Top of Task data
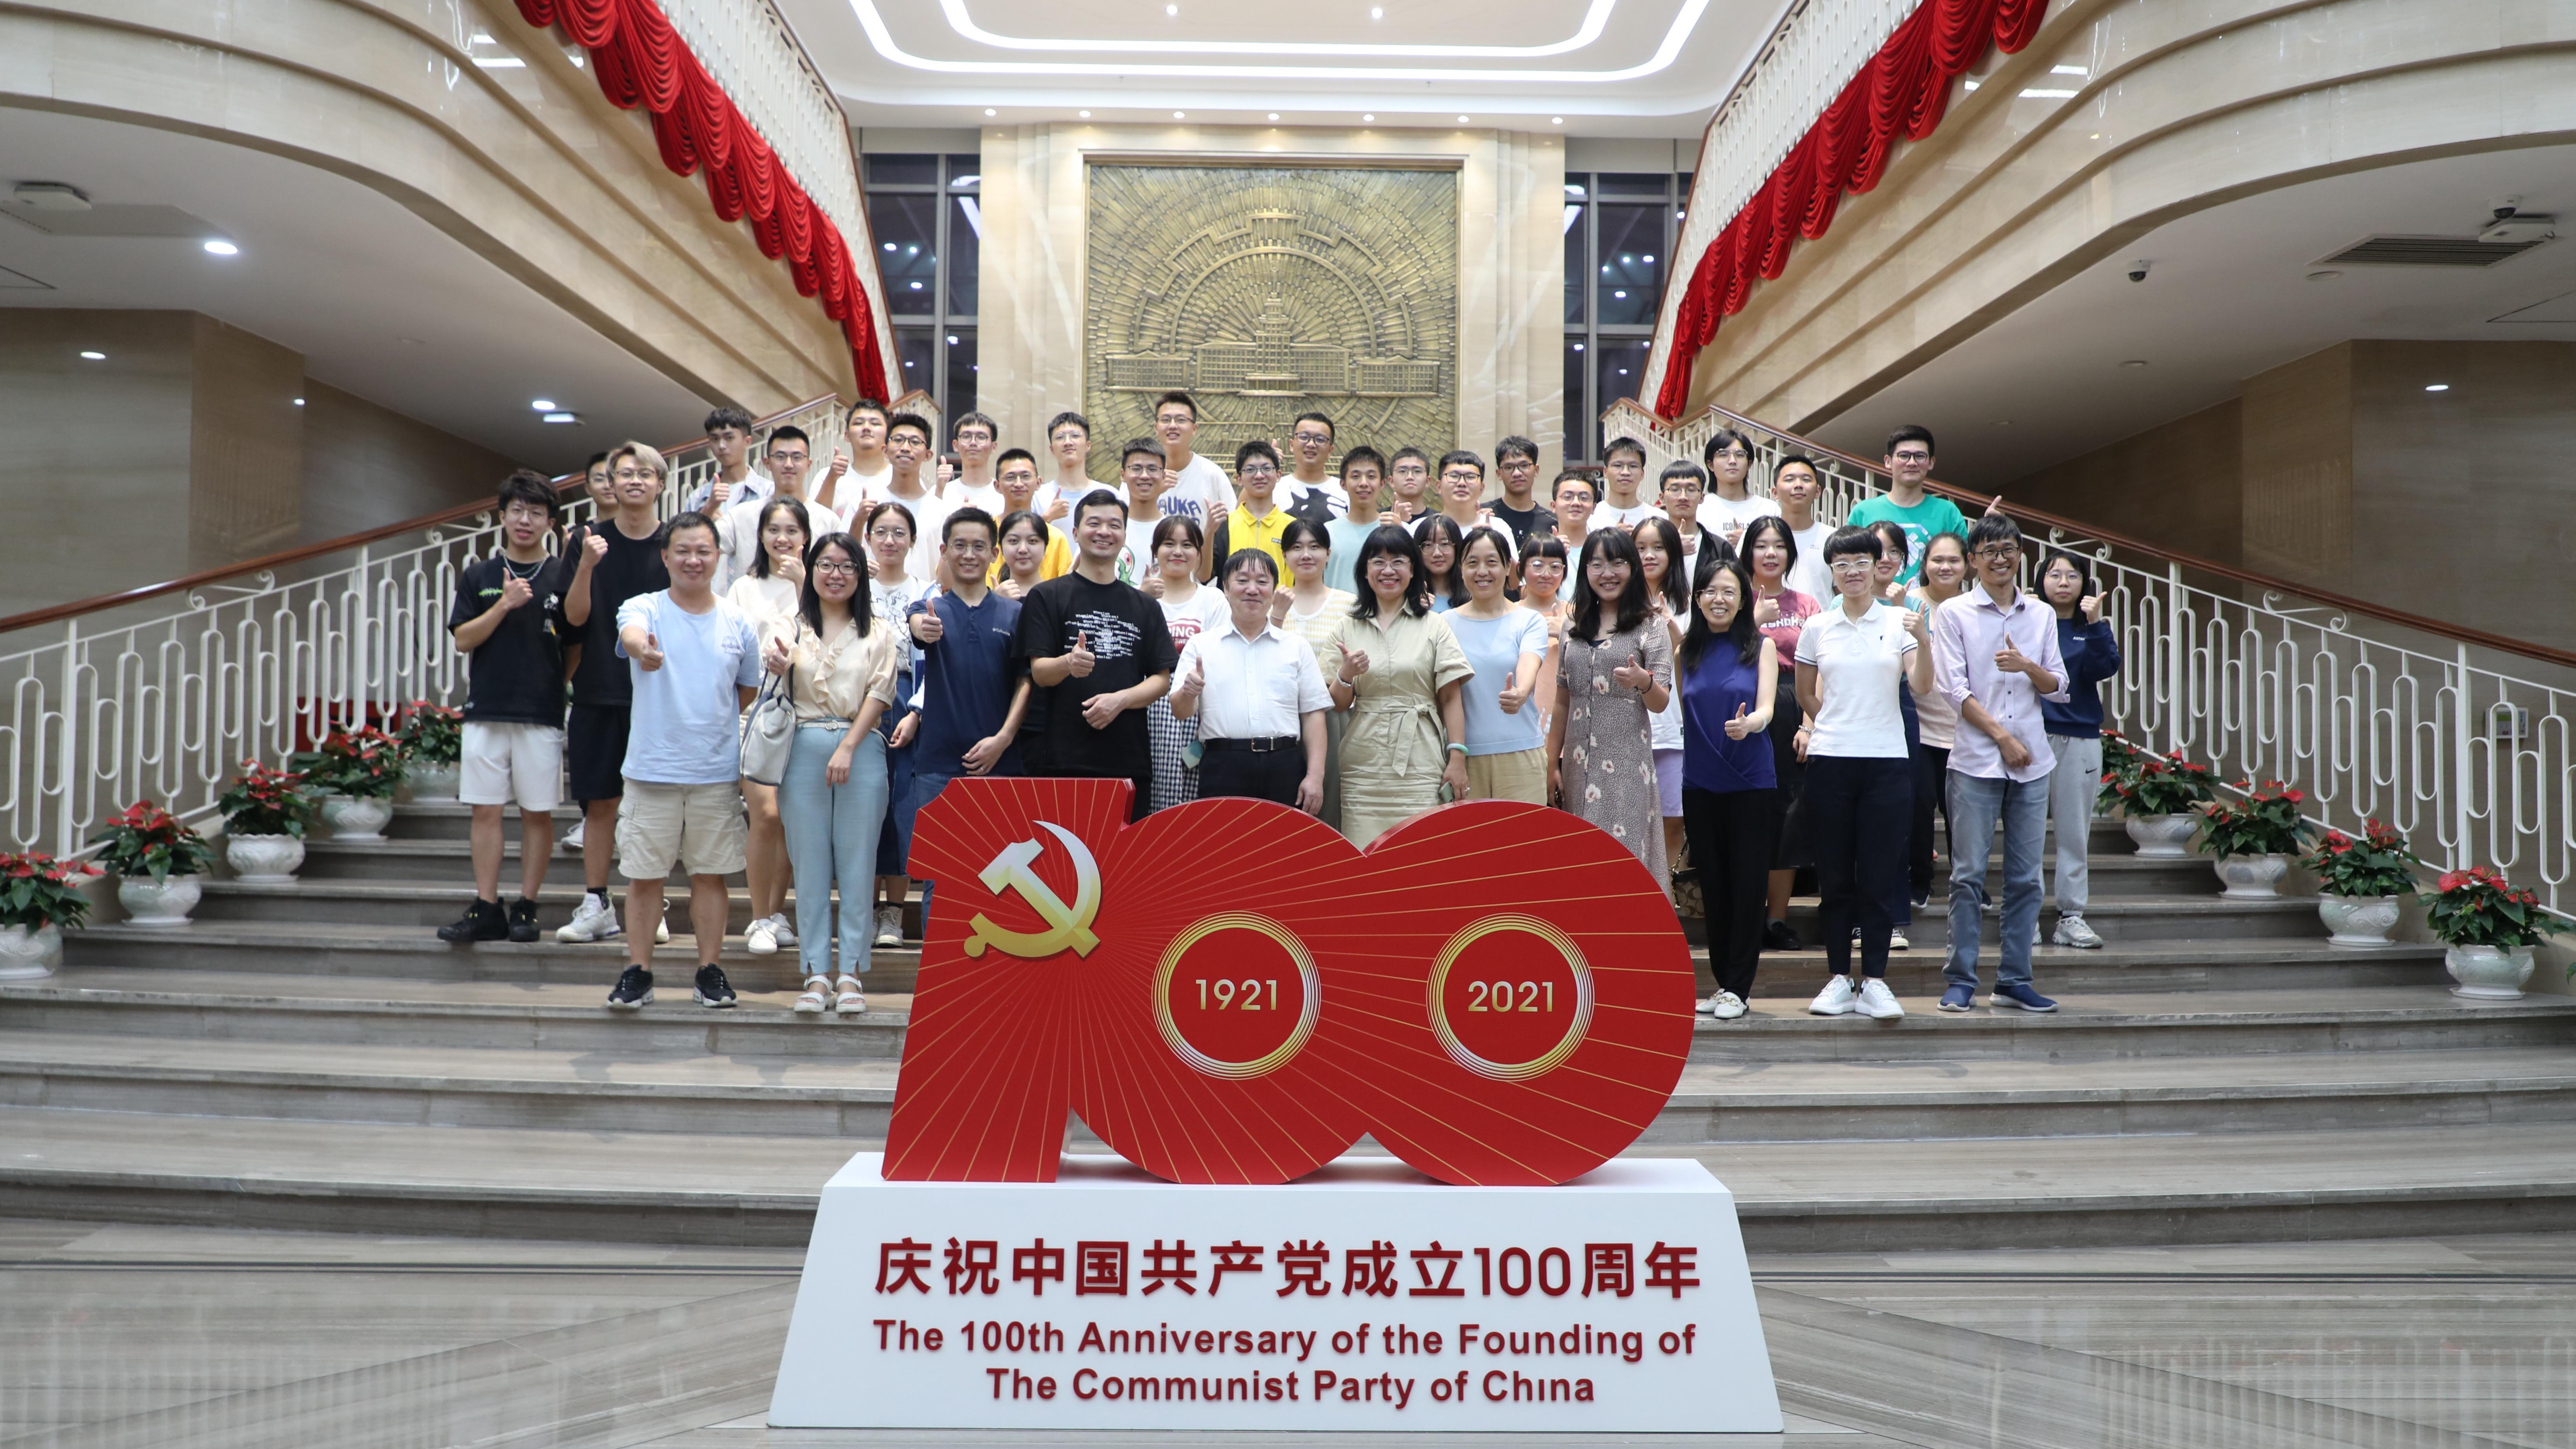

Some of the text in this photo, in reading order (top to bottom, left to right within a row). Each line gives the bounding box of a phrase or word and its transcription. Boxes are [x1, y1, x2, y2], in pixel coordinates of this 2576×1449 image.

[1196, 979, 1277, 1010] 1921
[1468, 981, 1553, 1012] 2021
[875, 1237, 1701, 1299] 庆祝中国共产党成立100周年
[873, 1320, 1696, 1363] The 100th Anniversary of the Founding of
[986, 1368, 1594, 1409] The Communist Party of China
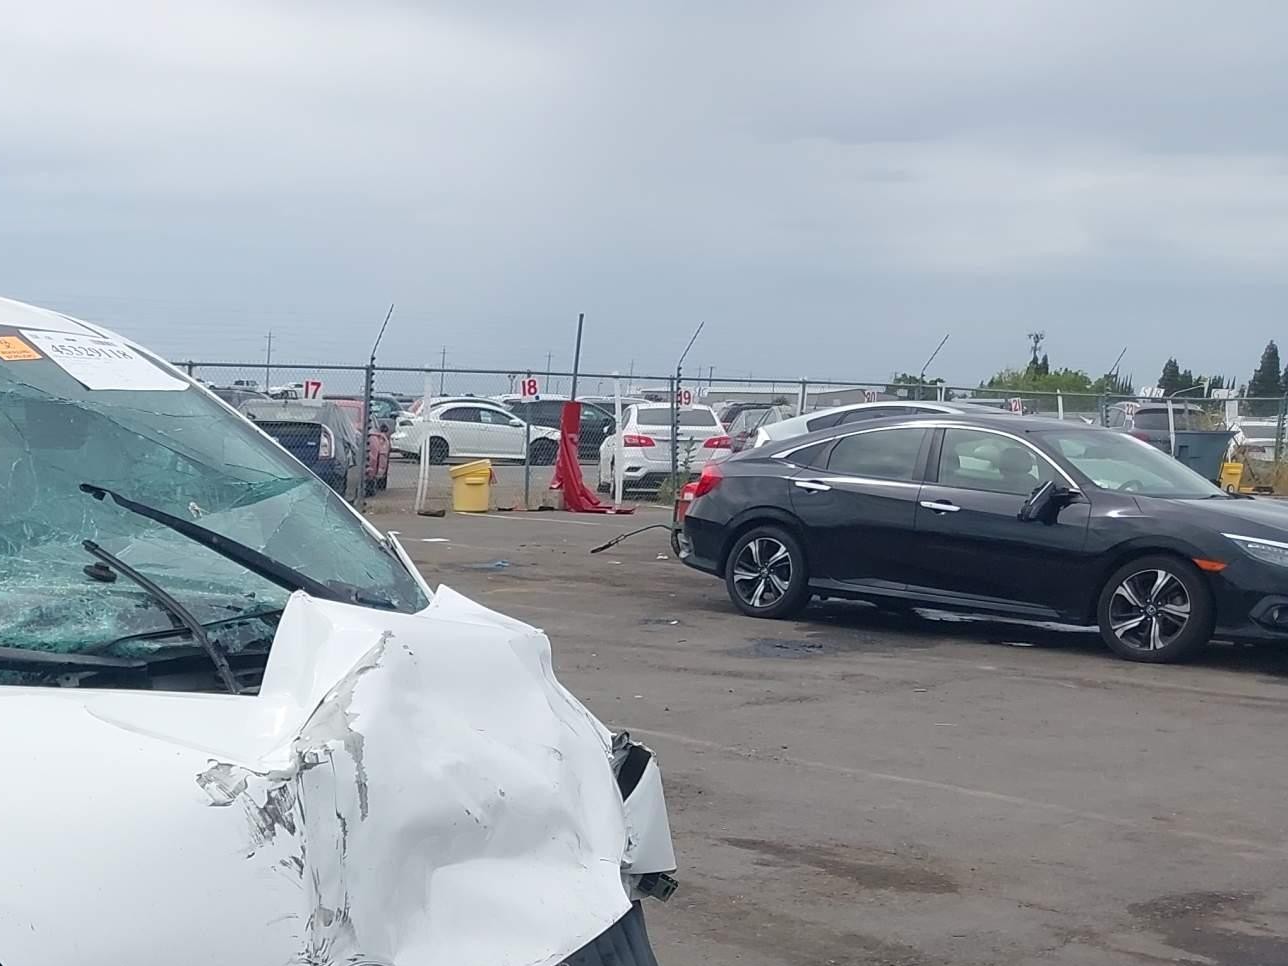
Bottom of Task data
Task statement: In your answer, repeat all the entries exactly, but leave out the pictures.

Finished exercise:
Some of the text in this photo, in reading order (top to bottom, left to right within a row). Each line gives the bounding box of a phrase or word and its transcription. Boxes are [x1, y1, x2, y2], in pixel coordinates of this 2576×1449 image.

[1196, 979, 1277, 1010] 1921
[1468, 981, 1553, 1012] 2021
[875, 1237, 1701, 1299] 庆祝中国共产党成立100周年
[873, 1320, 1696, 1363] The 100th Anniversary of the Founding of
[986, 1368, 1594, 1409] The Communist Party of China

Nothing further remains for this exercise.